Supplied information:
▬▬▬▬▬▬▬▬▬▬
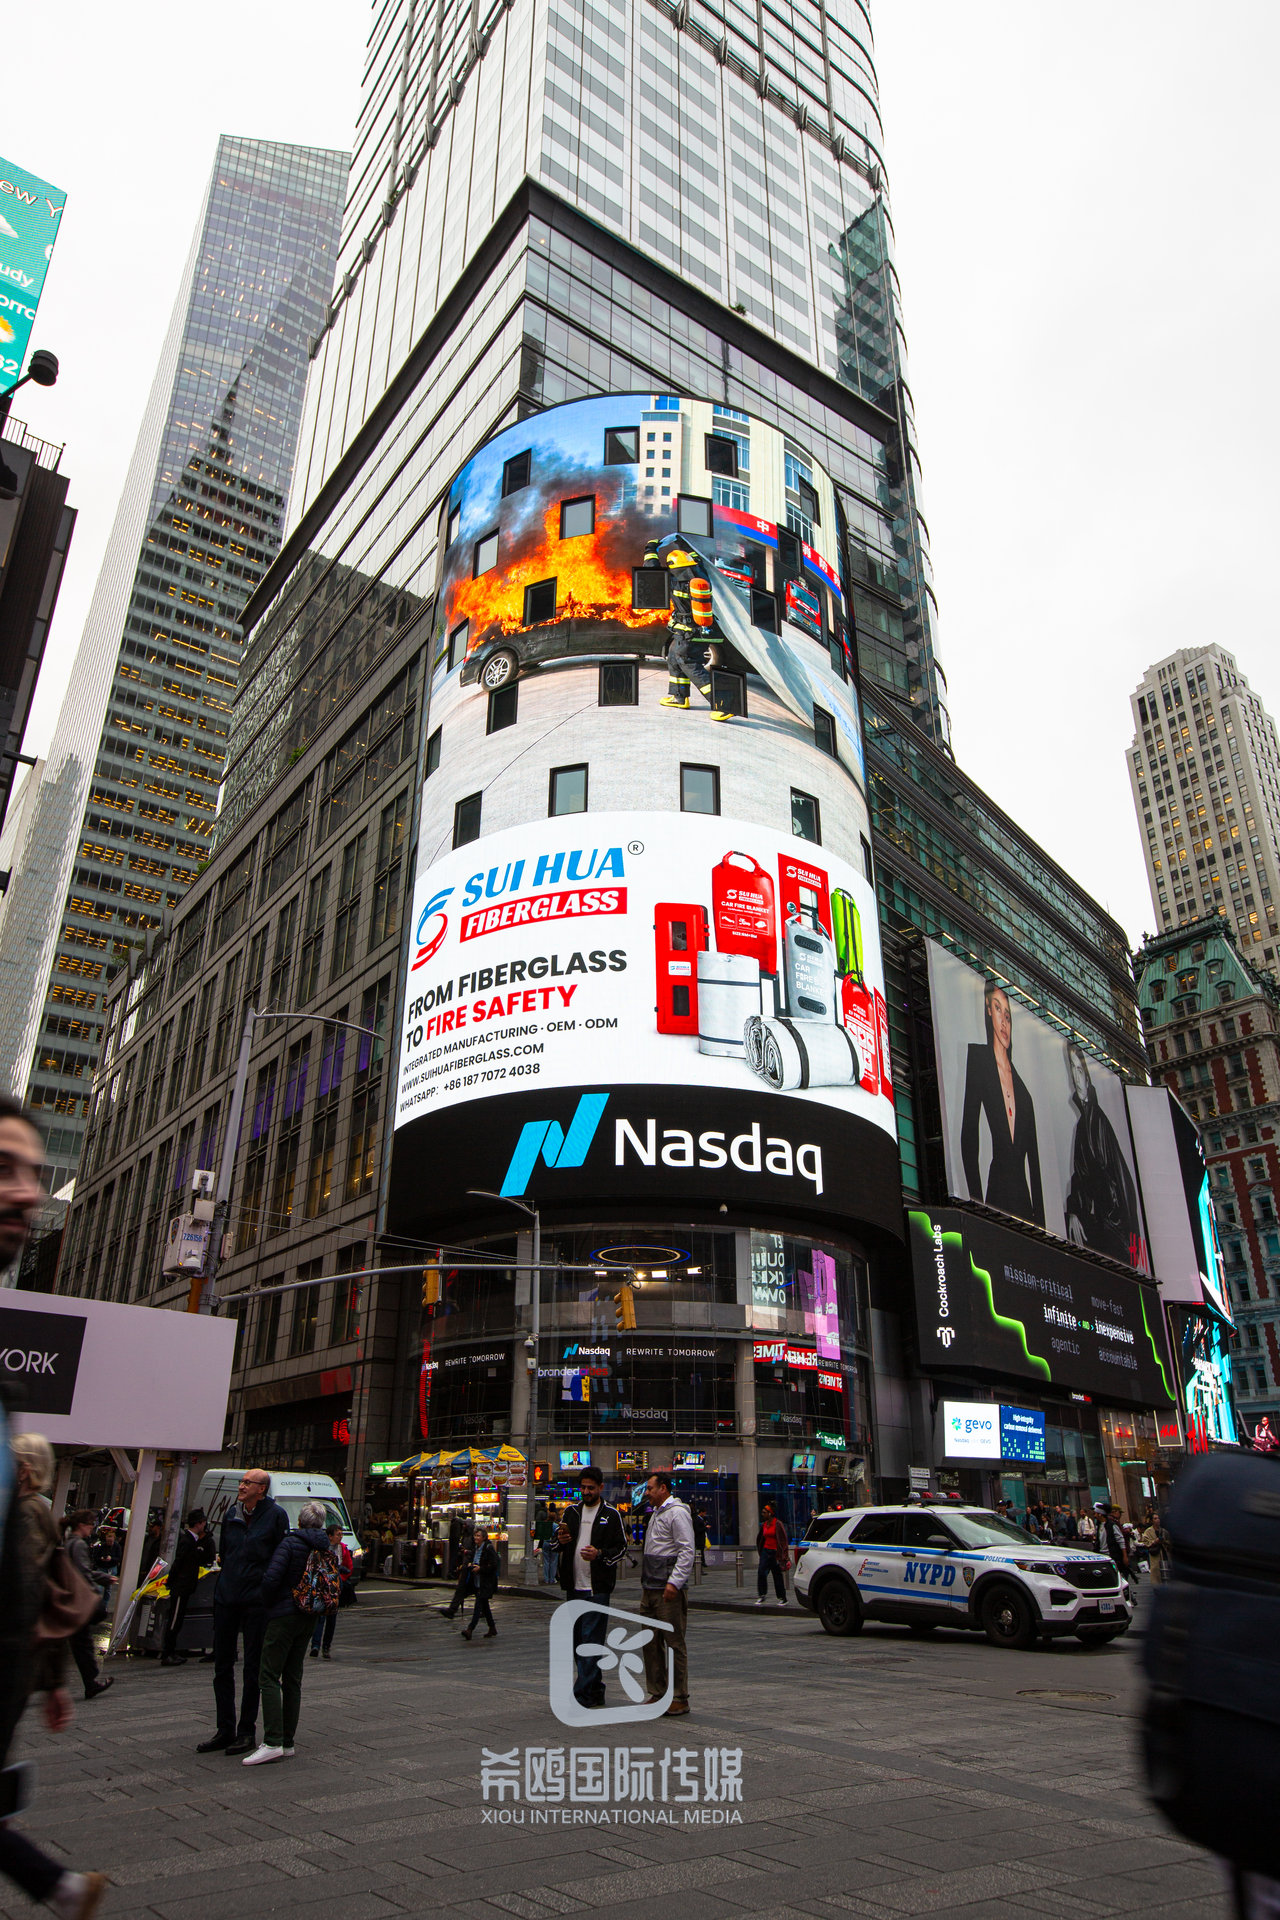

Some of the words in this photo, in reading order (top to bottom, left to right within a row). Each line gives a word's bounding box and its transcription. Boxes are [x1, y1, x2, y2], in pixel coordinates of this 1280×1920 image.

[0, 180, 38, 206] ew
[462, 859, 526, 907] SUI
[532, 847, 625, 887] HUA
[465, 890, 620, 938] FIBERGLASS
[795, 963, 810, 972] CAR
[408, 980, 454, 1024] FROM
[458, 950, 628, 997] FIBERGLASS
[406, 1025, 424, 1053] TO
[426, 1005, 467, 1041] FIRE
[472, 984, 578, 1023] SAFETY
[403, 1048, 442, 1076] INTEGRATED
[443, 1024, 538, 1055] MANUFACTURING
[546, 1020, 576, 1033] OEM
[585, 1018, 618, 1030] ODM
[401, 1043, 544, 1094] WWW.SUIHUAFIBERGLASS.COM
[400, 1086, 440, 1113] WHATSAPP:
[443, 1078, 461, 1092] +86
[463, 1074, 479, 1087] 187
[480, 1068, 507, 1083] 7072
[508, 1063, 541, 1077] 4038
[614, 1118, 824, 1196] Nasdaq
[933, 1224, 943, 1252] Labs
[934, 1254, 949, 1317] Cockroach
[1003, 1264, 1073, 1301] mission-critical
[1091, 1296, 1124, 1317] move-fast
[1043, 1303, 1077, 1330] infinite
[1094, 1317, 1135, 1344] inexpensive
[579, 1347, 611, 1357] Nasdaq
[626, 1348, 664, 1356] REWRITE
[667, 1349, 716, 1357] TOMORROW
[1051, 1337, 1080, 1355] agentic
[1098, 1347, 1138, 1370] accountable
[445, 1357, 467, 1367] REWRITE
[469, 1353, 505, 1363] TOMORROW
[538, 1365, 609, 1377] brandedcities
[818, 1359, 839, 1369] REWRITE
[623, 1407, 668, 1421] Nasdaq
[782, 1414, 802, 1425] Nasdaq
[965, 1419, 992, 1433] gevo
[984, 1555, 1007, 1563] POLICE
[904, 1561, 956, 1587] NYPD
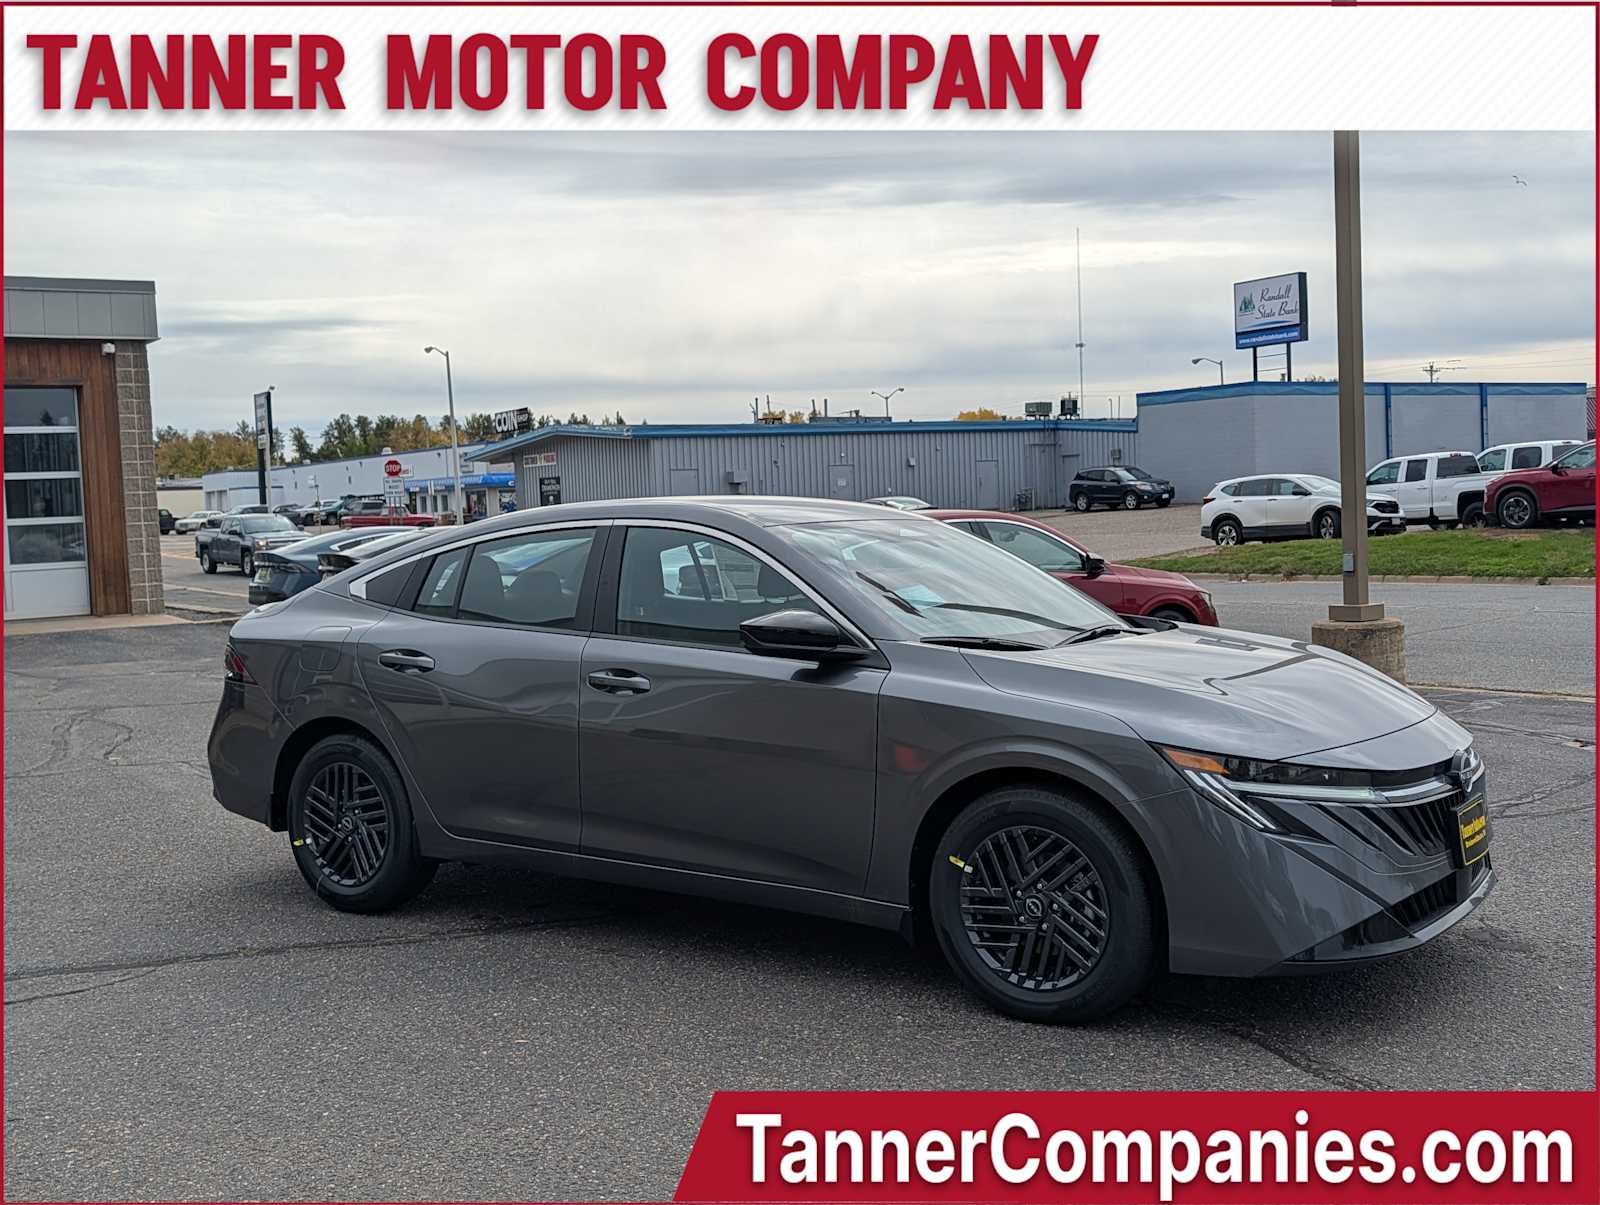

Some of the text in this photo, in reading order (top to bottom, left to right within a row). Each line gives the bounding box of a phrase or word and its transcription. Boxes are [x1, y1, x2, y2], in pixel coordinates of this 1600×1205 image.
▬▬▬▬▬▬▬▬▬▬
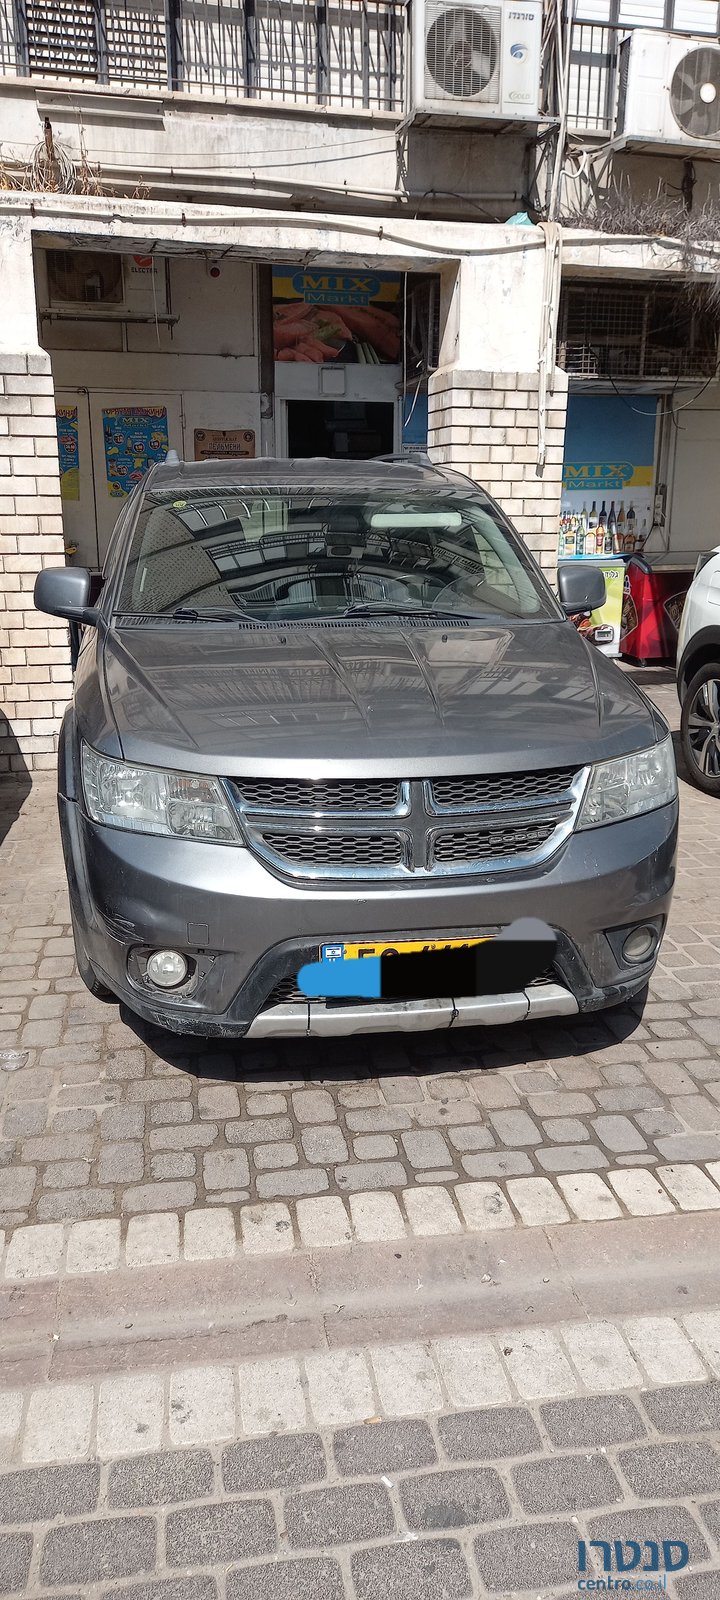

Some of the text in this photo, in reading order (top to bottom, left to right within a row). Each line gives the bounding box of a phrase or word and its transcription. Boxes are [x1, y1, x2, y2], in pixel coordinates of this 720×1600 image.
▬▬▬▬▬▬▬▬▬▬
Exercise description: What lines in the records contain the word "text"? Return each one.

Answer to the exercise:
Some of the text in this photo, in reading order (top to bottom, left to right within a row). Each line gives the bounding box of a phrase or word and its transcription. Boxes are [x1, y1, x2, y2], in pixel coordinates of this 1600×1205 image.
Some of the text in this photo, in reading order (top to bottom, left to right within a row). Each line gives the bounding box of a phrase or word and its transcription. Boxes are [x1, y1, x2, y2], in pixel coordinates of this 720×1600 image.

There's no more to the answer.